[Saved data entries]
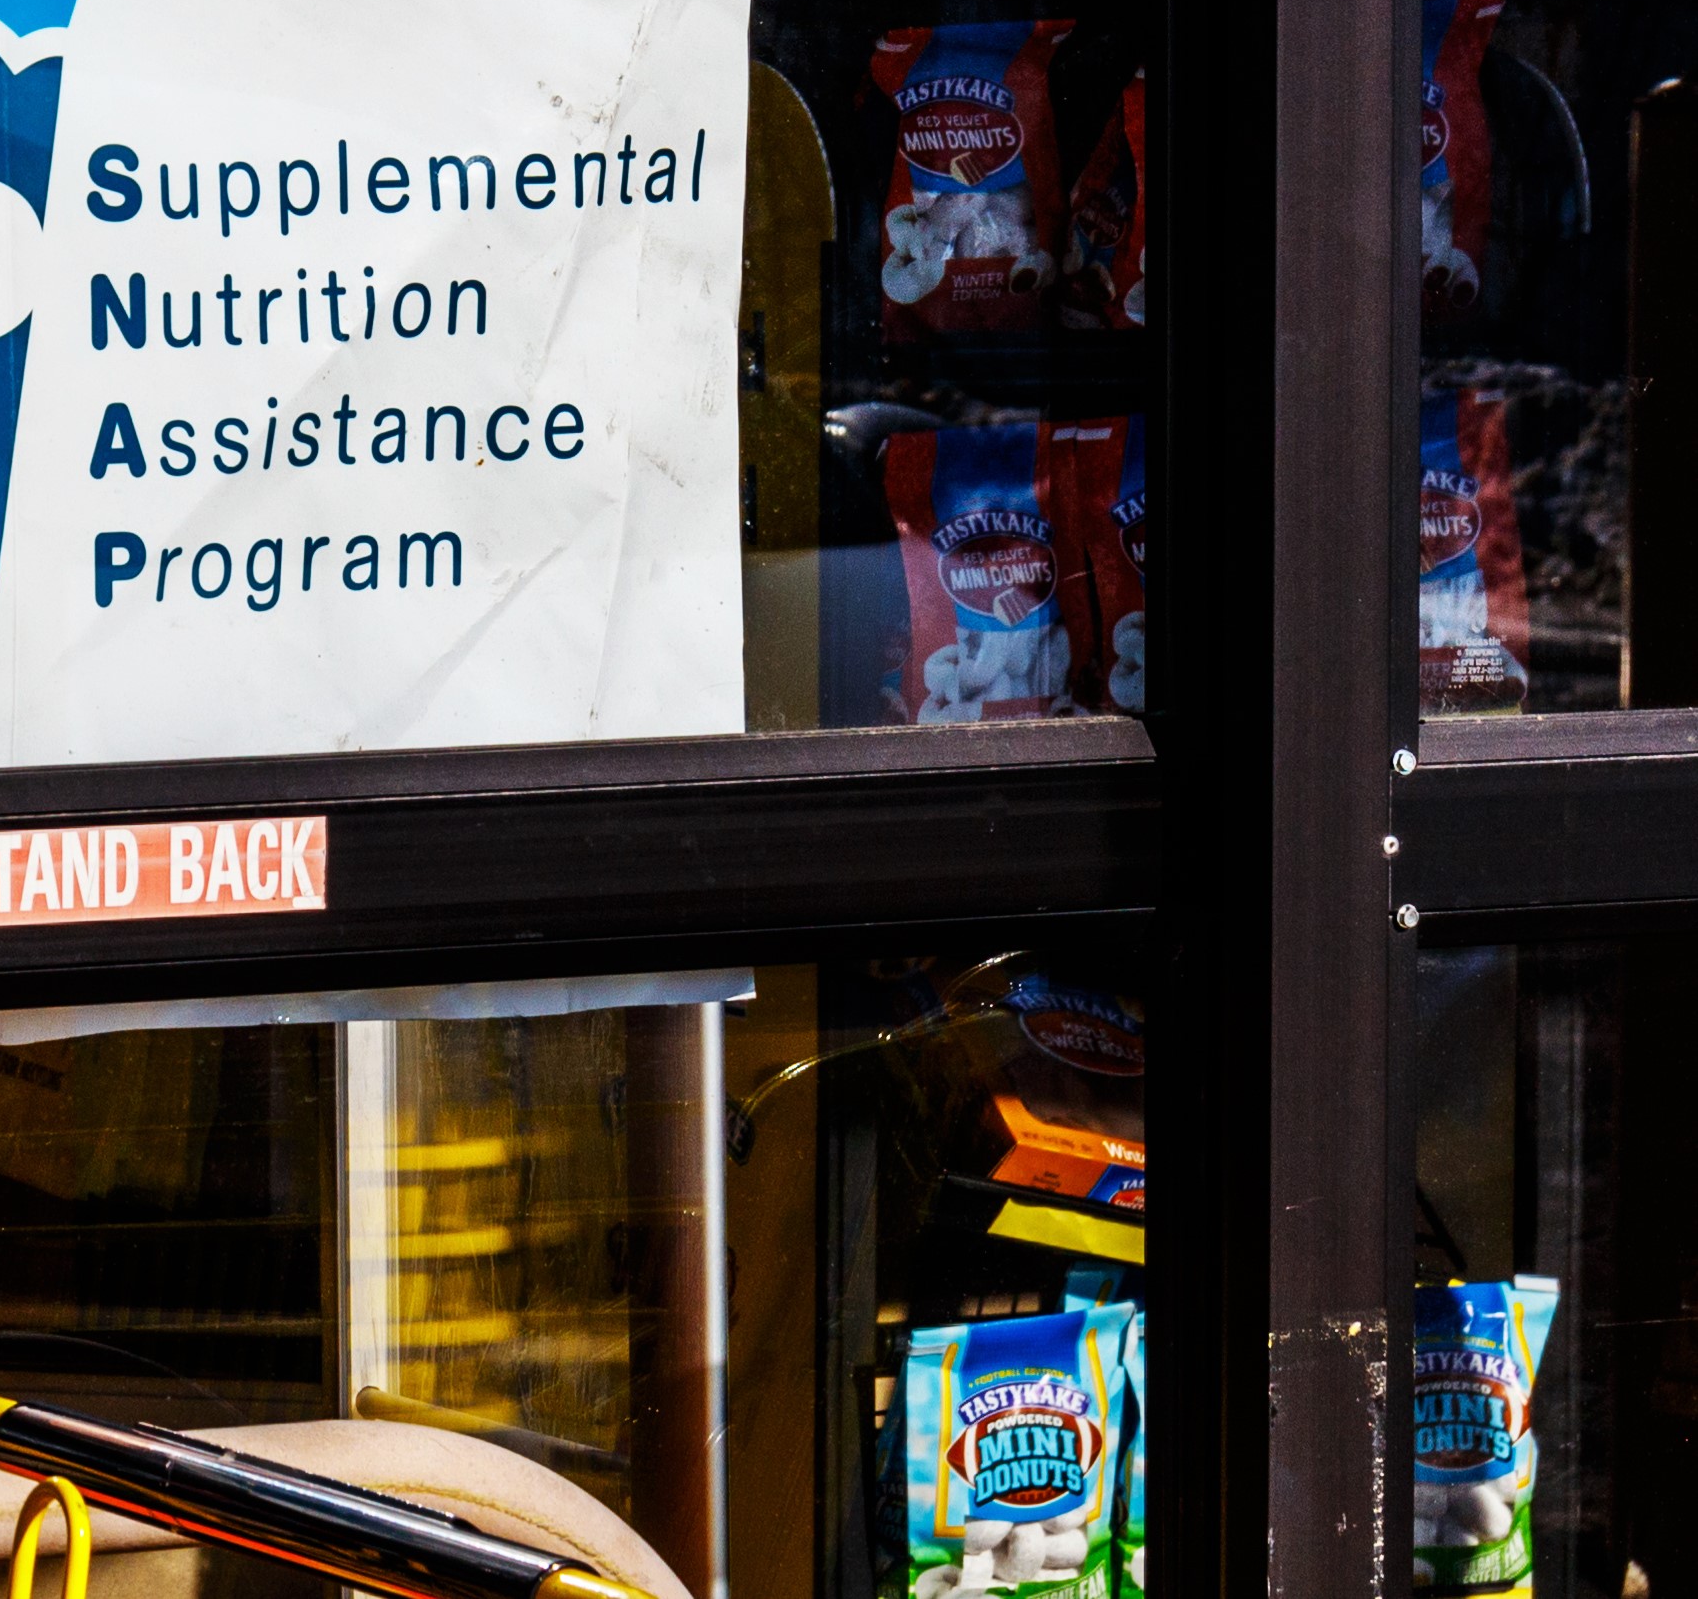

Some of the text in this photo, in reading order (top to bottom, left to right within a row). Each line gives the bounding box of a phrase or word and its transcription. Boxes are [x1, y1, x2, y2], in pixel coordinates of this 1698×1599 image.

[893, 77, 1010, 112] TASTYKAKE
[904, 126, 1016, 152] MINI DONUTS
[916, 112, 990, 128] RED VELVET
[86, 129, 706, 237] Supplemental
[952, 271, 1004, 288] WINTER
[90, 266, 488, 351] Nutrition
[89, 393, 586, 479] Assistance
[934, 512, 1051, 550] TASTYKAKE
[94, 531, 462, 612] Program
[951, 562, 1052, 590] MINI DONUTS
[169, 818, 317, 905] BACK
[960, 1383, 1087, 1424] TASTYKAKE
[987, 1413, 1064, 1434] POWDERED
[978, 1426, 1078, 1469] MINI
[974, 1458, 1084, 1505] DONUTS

◆ Problem statement: Every line of the records must come back unchanged, except that pictures are dropped.

◆ Response to the task:
Some of the text in this photo, in reading order (top to bottom, left to right within a row). Each line gives the bounding box of a phrase or word and its transcription. Boxes are [x1, y1, x2, y2], in pixel coordinates of this 1698×1599 image.

[893, 77, 1010, 112] TASTYKAKE
[904, 126, 1016, 152] MINI DONUTS
[916, 112, 990, 128] RED VELVET
[86, 129, 706, 237] Supplemental
[952, 271, 1004, 288] WINTER
[90, 266, 488, 351] Nutrition
[89, 393, 586, 479] Assistance
[934, 512, 1051, 550] TASTYKAKE
[94, 531, 462, 612] Program
[951, 562, 1052, 590] MINI DONUTS
[169, 818, 317, 905] BACK
[960, 1383, 1087, 1424] TASTYKAKE
[987, 1413, 1064, 1434] POWDERED
[978, 1426, 1078, 1469] MINI
[974, 1458, 1084, 1505] DONUTS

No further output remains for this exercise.